Managing dairy pastures through ryegrass heading (late Oct - Dec)

Take home messages

  • Ryegrass heading (or flowering) in the next 6-8 weeks means:
    • higher pasture growth rates,
    • decreasing quality, and;
    • rapid changes on your farm.
  • Limiting seedheads and loss of quality can give an extra 100kgMS/ha, worth $460/ha at little additional cost!
  • Monitor covers, post grazing residuals, make silage early and use N.


Grass is a wonderful thing, except at the end of October when it goes to seed!


So why do we get it wrong? What happens is pretty predictable, right?  Well, the trouble is pasture growth rates are at their highest, and quality is decreasing, so changes happen quickly.  We need to put steps in place to make sure things stay on track.


What happens in pastures through October - November?

Our pastures fundamentally change in early October, as ryegrass initiates flowering, and a flower head (or seedhead) starts forming in the base (figure 1.2).


Presently ryegrass stems are elongating, with nodes (or lumps) appearing on them. The flower head is about 1cm above the top node (figure 1.3). The stems continue to lengthen and flower heads finally appear (figure 1.4) in early heading cultivars in late October.


Can you stop flower heads in early October?

Not completely, but you can limit them with good even grazings.  When ryegrass stems are elongating and nodes appear, grazing to the level of the node (as in figure 1.3 for instance) kills the seedhead. The tiller then grows again from the base, usually changing back to leafy vegetative growth.


Green flowering stems are nearly as digestible as leaf, and are eaten by cows with little if any reduction in milk production.


How does ME change?

Limiting seeding can maintain pasture at 0.5ME higher, which gives an extra 7.7kgMS per tonne pasture harvested. If you harvest 13tDM/ha of pasture this is an extra 100kgMS/ha, worth $460/ha income at the current payout.


Figure 1. Ryegrass flowering or seedhead development

(times are for an early heading cultivar, add 2-3 weeks for a late heading cultivar).

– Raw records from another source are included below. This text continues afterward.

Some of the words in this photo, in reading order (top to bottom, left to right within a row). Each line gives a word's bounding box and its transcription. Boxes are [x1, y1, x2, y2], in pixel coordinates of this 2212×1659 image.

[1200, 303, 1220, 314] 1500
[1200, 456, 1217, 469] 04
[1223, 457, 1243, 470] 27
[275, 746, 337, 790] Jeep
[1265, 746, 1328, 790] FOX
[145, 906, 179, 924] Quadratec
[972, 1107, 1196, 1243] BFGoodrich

What 3 things should you do in late October - December?


  1. Monitor cover - and identify & act on surpluses early

The difference between monitoring and producing a weekly feed wedge or not, is the wedge can predict or show a surplus 2-3 weeks before you actually “see” it.


Act quickly when you have identified a pasture surplus. For example, skip longer paddock(s) and get them made into silage. Light crops are good, as they allow flexibility – they are quickly back into the grazing round in case conditions change (e.g. things go dry). They also make the best quality silage.

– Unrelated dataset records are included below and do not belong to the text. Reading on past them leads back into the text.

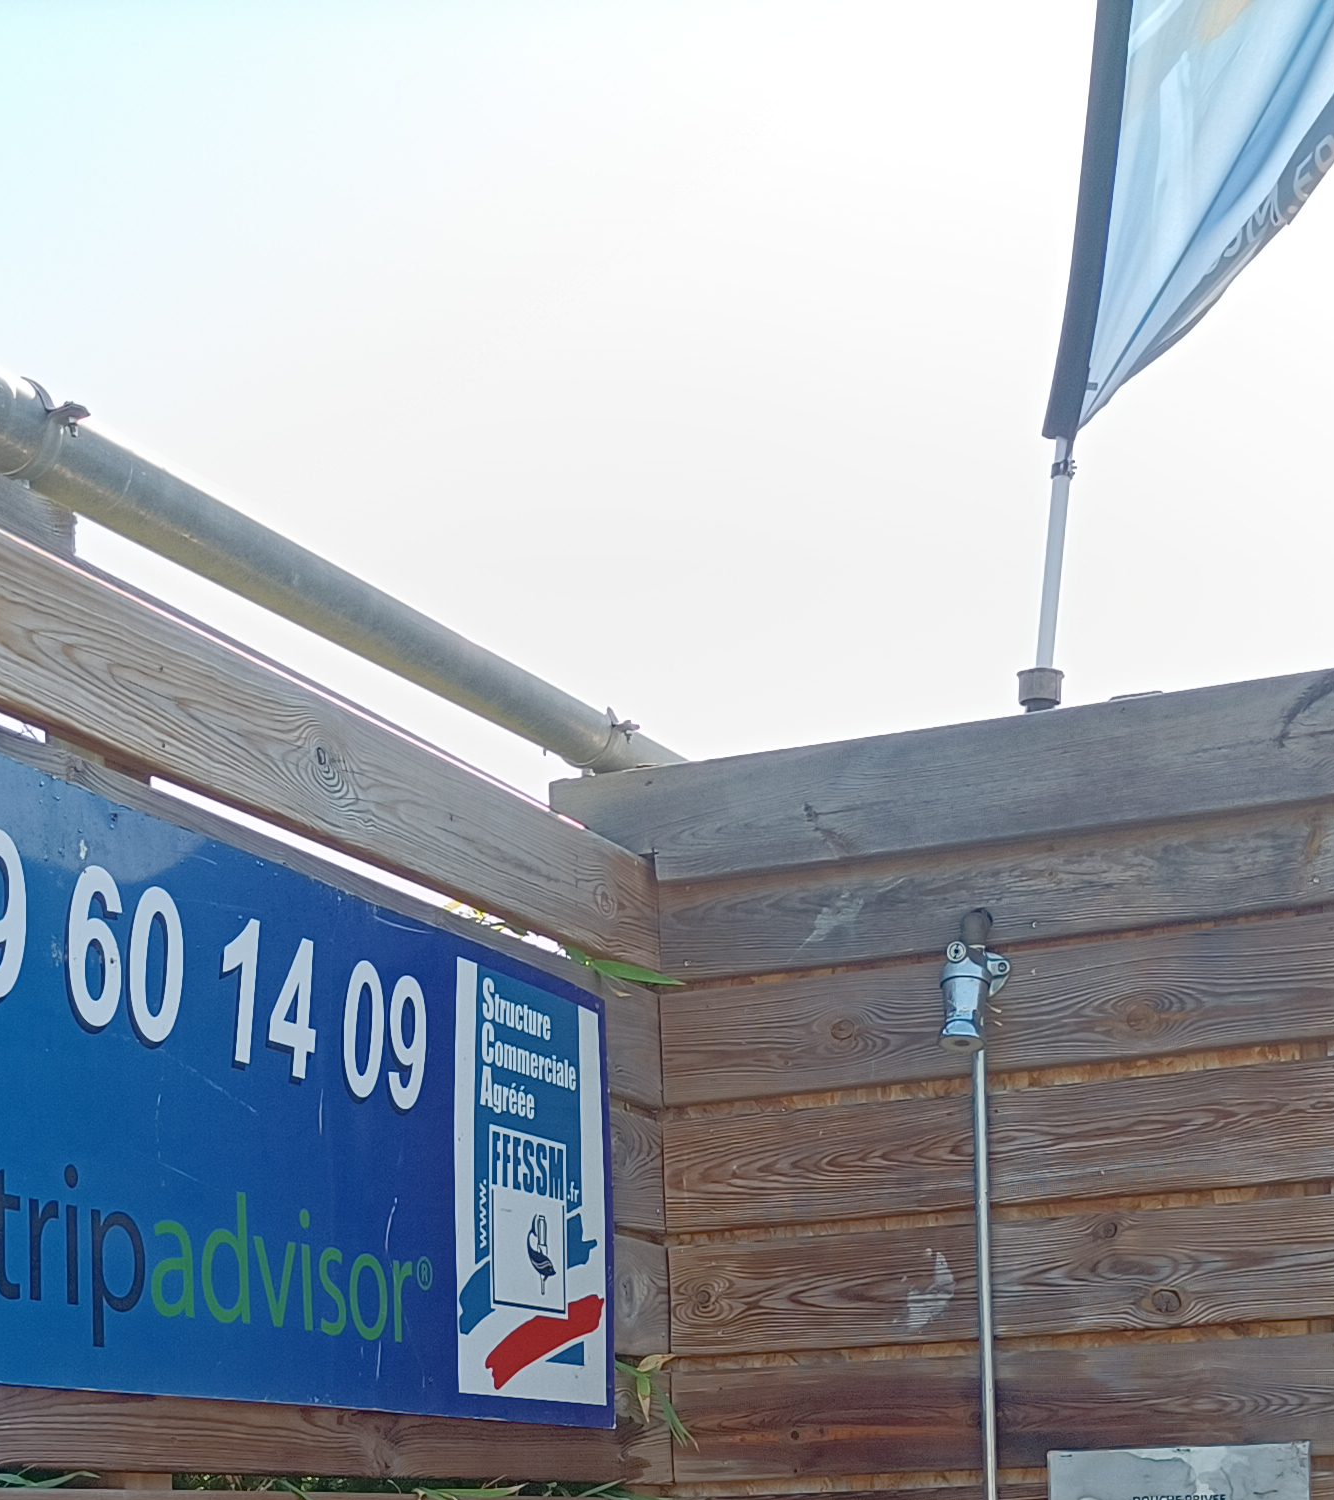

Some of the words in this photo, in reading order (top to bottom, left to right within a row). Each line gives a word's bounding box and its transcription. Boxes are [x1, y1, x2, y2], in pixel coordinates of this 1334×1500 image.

[67, 865, 184, 1047] 60
[221, 917, 316, 1081] 14
[342, 960, 427, 1111] 09
[482, 977, 552, 1041] Structure
[481, 1021, 577, 1091] Commerciale
[479, 1065, 535, 1120] Agréée
[492, 1131, 564, 1201] FFESSM
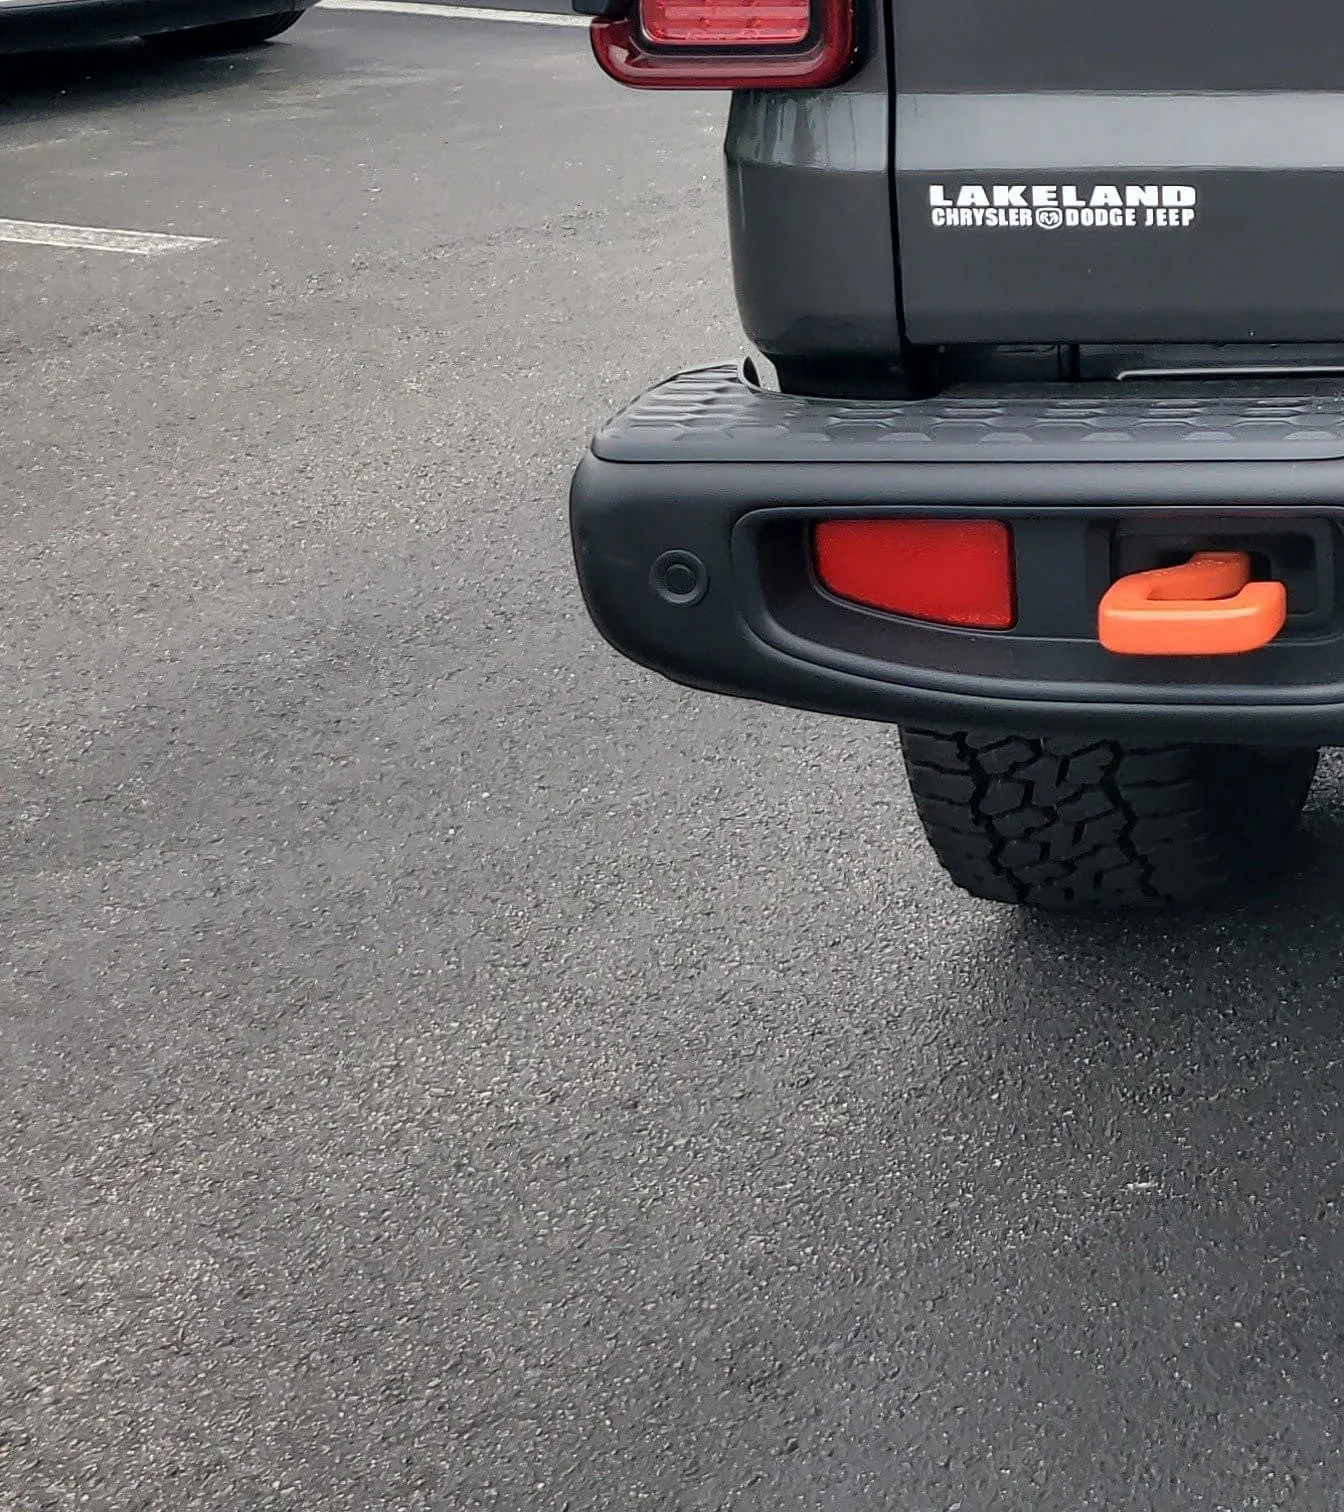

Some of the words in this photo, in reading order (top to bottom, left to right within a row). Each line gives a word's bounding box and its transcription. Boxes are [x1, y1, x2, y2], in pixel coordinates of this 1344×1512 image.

[929, 185, 1196, 206] LAKELAND
[931, 207, 1032, 227] CHRYSLER
[1065, 208, 1136, 226] DODGE
[1145, 208, 1194, 226] JEEP

  1. Check post grazing residual
    For pasture quality, one of the most important people is the one that gets the cows! They get to see if the job is being done right through late October - December.


If you get the post-grazing residual right, and nip off many seedheads before they emerge (see Figure 1.3), you will get leafy regrowth for the next grazing.  


Graze at the right height before the pasture loses quality at the base. If it’s high ME feed, and your stocking rate is right, the cows will graze to the right residual and milk well.

A mower can be a useful tool to reset quality.


  1. Nitrogen
    Nitrogen fertiliser (e.g. 30kg N/ha) can be useful to give a boost to ryegrass plants through late November into December, to help them re-tiller prior to summer.




  • Ryegrass heading means high pasture growth rates, decreasing quality, and rapid changes in pasture on your farm.
  • Limiting ryegrass seedheads and loss of quality could give an extra 100kgMS/ha.
  • Monitor pasture cover, post grazing residuals and use N.